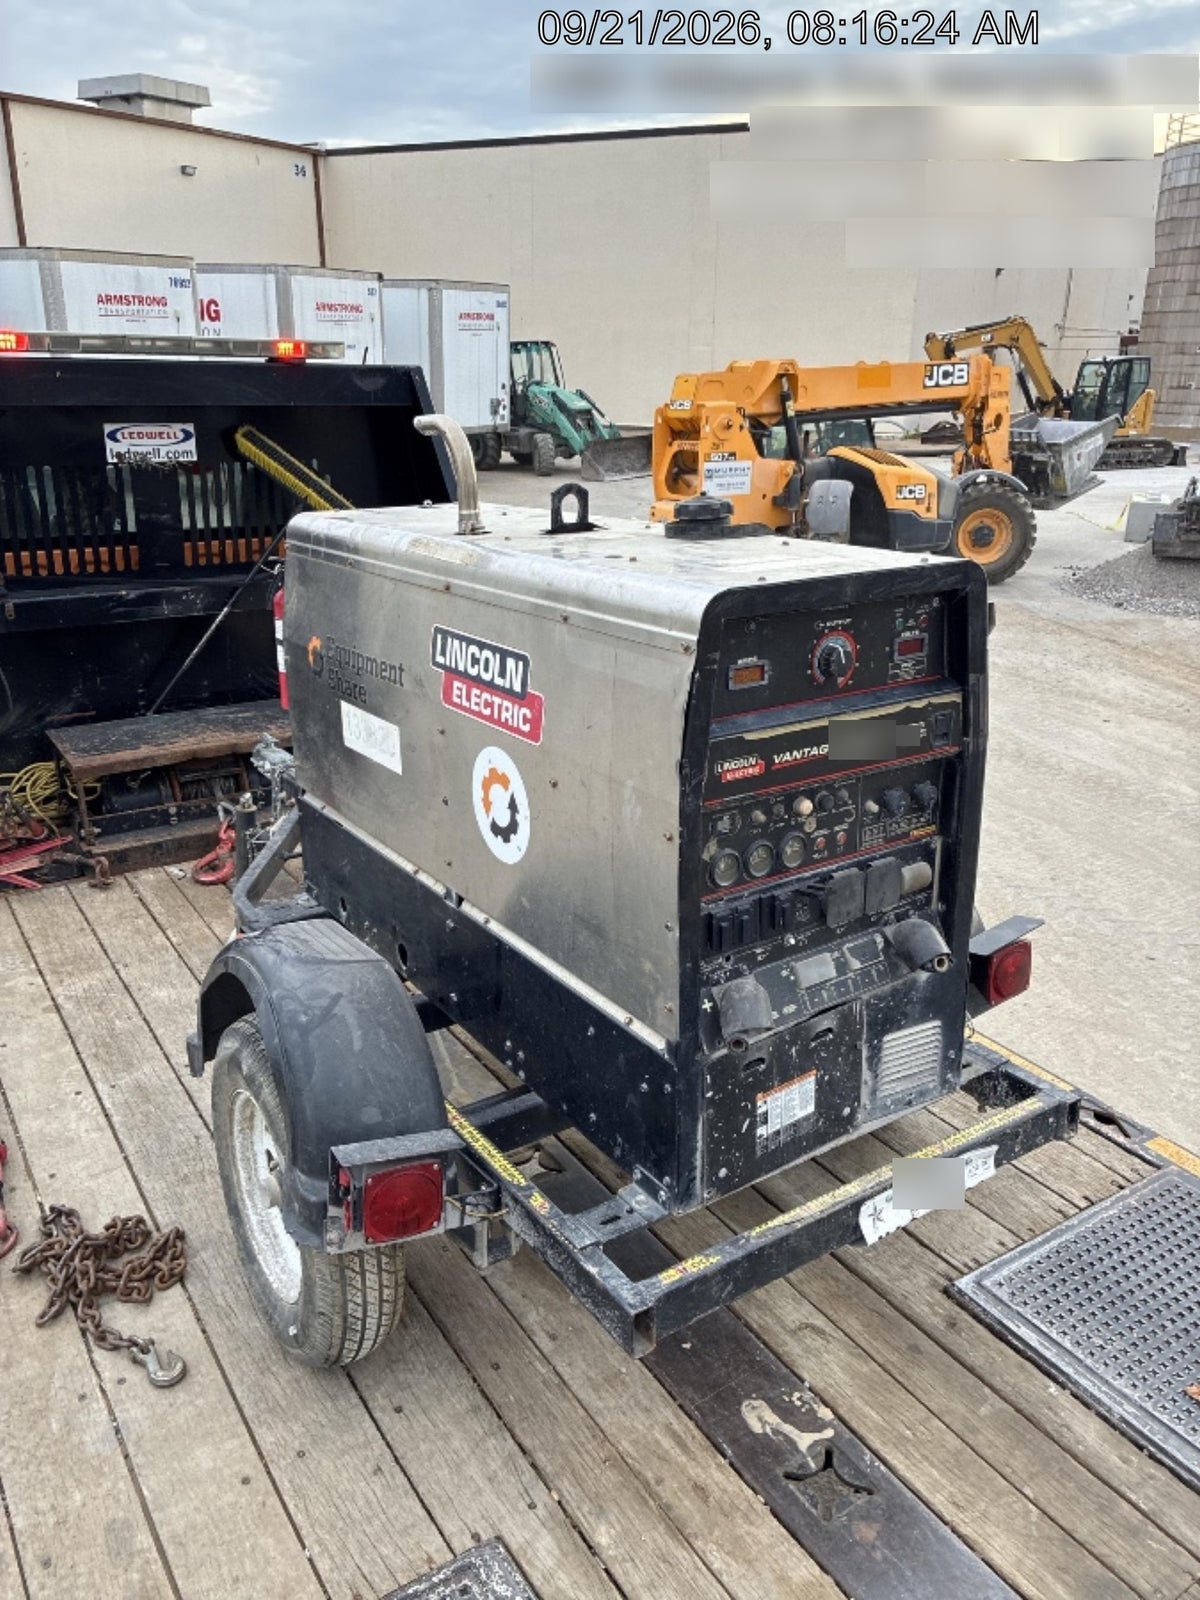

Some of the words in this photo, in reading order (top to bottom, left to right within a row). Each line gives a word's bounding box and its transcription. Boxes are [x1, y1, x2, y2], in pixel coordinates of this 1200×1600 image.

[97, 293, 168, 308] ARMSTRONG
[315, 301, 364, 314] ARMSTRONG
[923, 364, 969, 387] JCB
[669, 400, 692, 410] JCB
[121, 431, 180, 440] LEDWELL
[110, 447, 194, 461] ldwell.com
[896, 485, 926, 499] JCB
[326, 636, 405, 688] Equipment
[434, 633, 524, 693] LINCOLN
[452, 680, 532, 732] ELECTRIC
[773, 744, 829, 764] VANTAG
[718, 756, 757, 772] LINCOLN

--

## Description of the task:
Leaving the pictures out, reproduce the entries above exactly.

## Task answer:
Some of the words in this photo, in reading order (top to bottom, left to right within a row). Each line gives a word's bounding box and its transcription. Boxes are [x1, y1, x2, y2], in pixel coordinates of this 1200×1600 image.

[97, 293, 168, 308] ARMSTRONG
[315, 301, 364, 314] ARMSTRONG
[923, 364, 969, 387] JCB
[669, 400, 692, 410] JCB
[121, 431, 180, 440] LEDWELL
[110, 447, 194, 461] ldwell.com
[896, 485, 926, 499] JCB
[326, 636, 405, 688] Equipment
[434, 633, 524, 693] LINCOLN
[452, 680, 532, 732] ELECTRIC
[773, 744, 829, 764] VANTAG
[718, 756, 757, 772] LINCOLN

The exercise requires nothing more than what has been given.